Using tokenized backends for logging and asserting such as pw_log_tokenized coupled with pw_assert_log can drastically reduce the costs. However, even with this approach there remains a callsite cost which can add up due to arguments and including metadata.

Try to avoid string arguments and reduce unnecessary extra arguments where possible. And consider adjusting log levels to compile out debug or even info logs as code stabilizes and matures.

Future Plans#

Pigweed AI summary: Pigweed is considering additional configuration options to allow users to have more control over the diagnostic value and size cost of log arguments for certain log levels and modules.

Going forward Pigweed is evaluating extra configuration options to do things such as dropping log arguments for certain log levels and modules to give users finer grained control in trading off diagnostic value and the size cost.

Threading and Synchronization Cost#

Pigweed AI summary: The article discusses various ways to optimize threading and synchronization cost in software development. It suggests using lighterweight signaling primitives like pw::sync::ThreadNotification instead of semaphores, which can be implemented using more efficient RTOS specific signaling primitives. The article also recommends watermarking stacks to reduce wasted memory and using asynchronous design patterns like Active Objects to permit the sharing of stack allocations. Additionally, it mentions the importance of sizing various buffers in the application and adjusting their servicing interval and priority while keeping the ingress burst

Lighterweight Signaling Primatives#

Pigweed AI summary: The article suggests using pw::sync::ThreadNotification instead of semaphores as it can be implemented using more efficient RTOS specific signaling primitives, such as direct task notifications on FreeRTOS, which are more than 10x smaller than semaphores and faster.

Consider using pw::sync::ThreadNotification instead of semaphores as they can be implemented using more efficient RTOS specific signaling primitives. For example on FreeRTOS they can be backed by direct task notifications which are more than 10x smaller than semaphores while also being faster.

Threads and their stack sizes#

Pigweed AI summary: The article discusses the large stack cost of synchronous APIs and recommends watermarking stacks to reduce wasted memory. It also suggests using asynchronous design patterns such as Active Objects and work queues to effectively share stack allocations. The snapshot integration for RTOSes like pw_thread_freertos and pw_thread_embos comes with built-in support to report stack watermarks for threads if enabled in the kernel.
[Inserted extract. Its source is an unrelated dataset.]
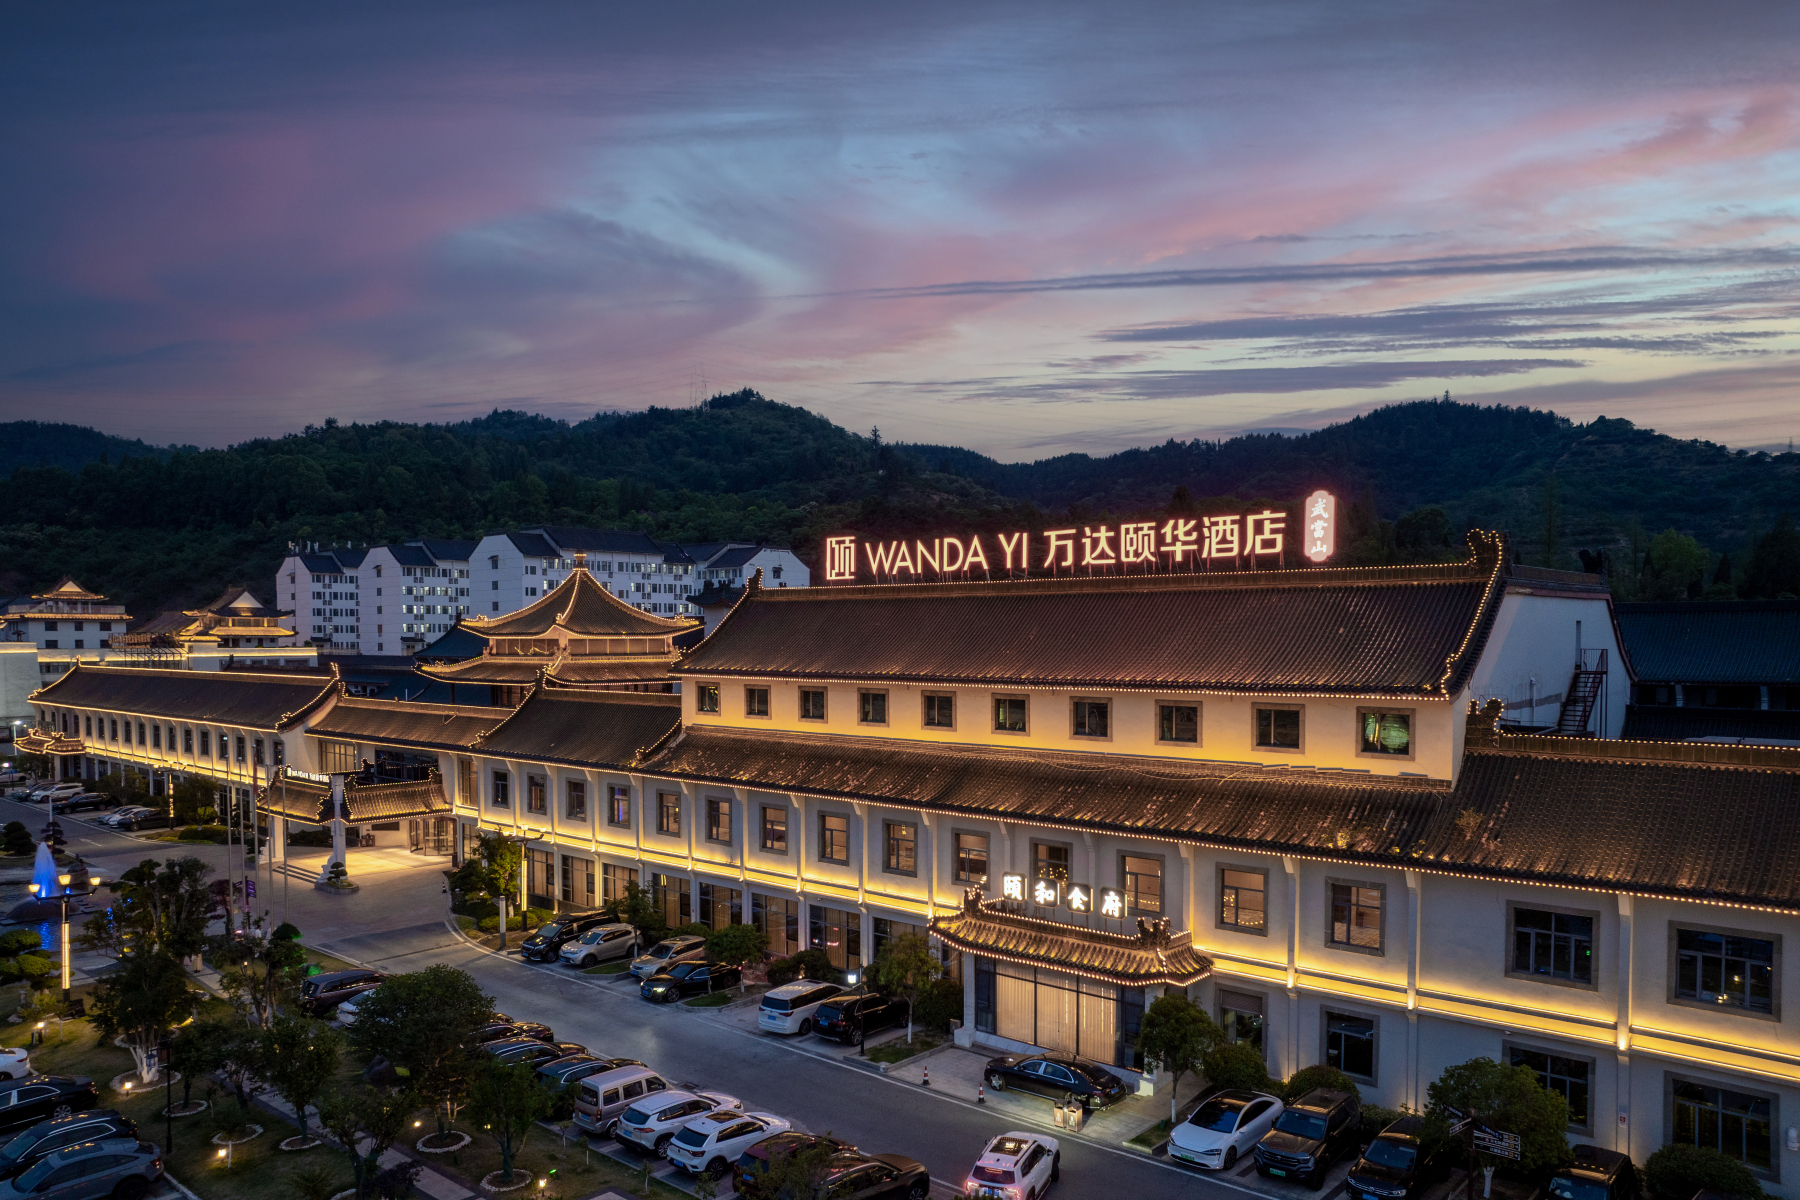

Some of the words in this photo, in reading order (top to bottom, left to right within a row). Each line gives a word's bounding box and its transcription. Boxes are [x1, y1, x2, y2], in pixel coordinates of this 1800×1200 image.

[865, 535, 988, 575] WANDA
[998, 532, 1028, 569] YI
[1043, 510, 1287, 568] 万达颐华酒店
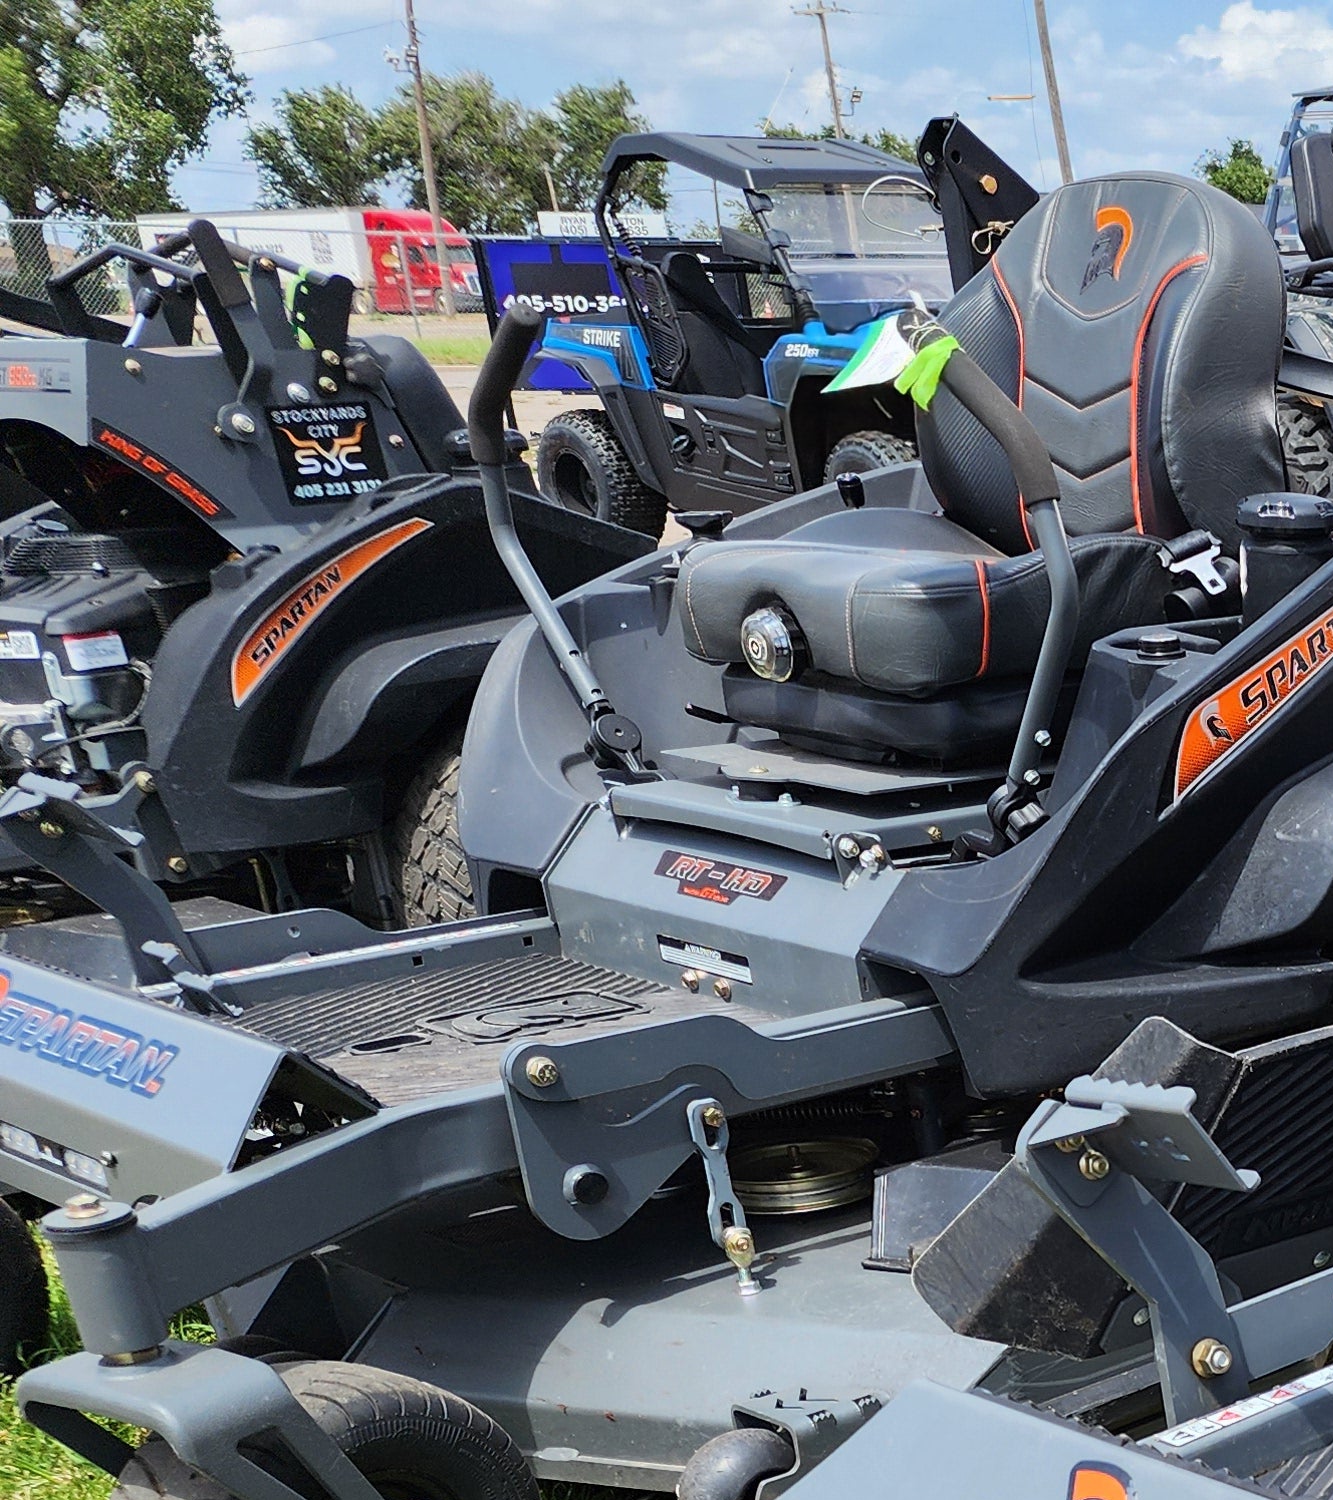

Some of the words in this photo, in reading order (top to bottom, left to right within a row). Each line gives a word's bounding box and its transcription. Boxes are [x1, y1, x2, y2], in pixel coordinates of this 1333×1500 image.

Although synchronous APIs are incredibly portable and often easier to reason about, it is often easy to forget the large stack cost this design paradigm comes with. We highly recommend watermarking your stacks to reduce wasted memory.

Our snapshot integration for RTOSes such as pw_thread_freertos and pw_thread_embos come with built in support to report stack watermarks for threads if enabled in the kernel.

In addition, consider using asynchronous design patterns such as Active Objects which can use pw_work_queue or similar asynchronous dispatch work queues to effectively permit the sharing of stack allocations.

Buffer Sizing#

Pigweed AI summary: The article discusses the importance of sizing buffers in an application and suggests using watermarking with pw_metric to adjust their servicing interval and priority. It also advises considering ingress burst sizes and scheduling jitter when making adjustments.

We’d be remiss not to mention the sizing of the various buffers that may exist in your application. You could consider watermarking them with pw_metric. You may also be able to adjust their servicing interval and priority, but do not forget to keep the ingress burst sizes and scheduling jitter into account.

Standard C and C++ libraries#

Pigweed AI summary: The article discusses ways to remove bloat from standard C and C++ libraries. It recommends keeping an eye out for common sources of bloat and using the "--wrap" option at link time to replace implementations with cheaper ones. The article also provides examples of how to replace the implementation of the "assert" function, ignored finalizer and destructor registration, and unexpected bloat in disabled STL exceptions.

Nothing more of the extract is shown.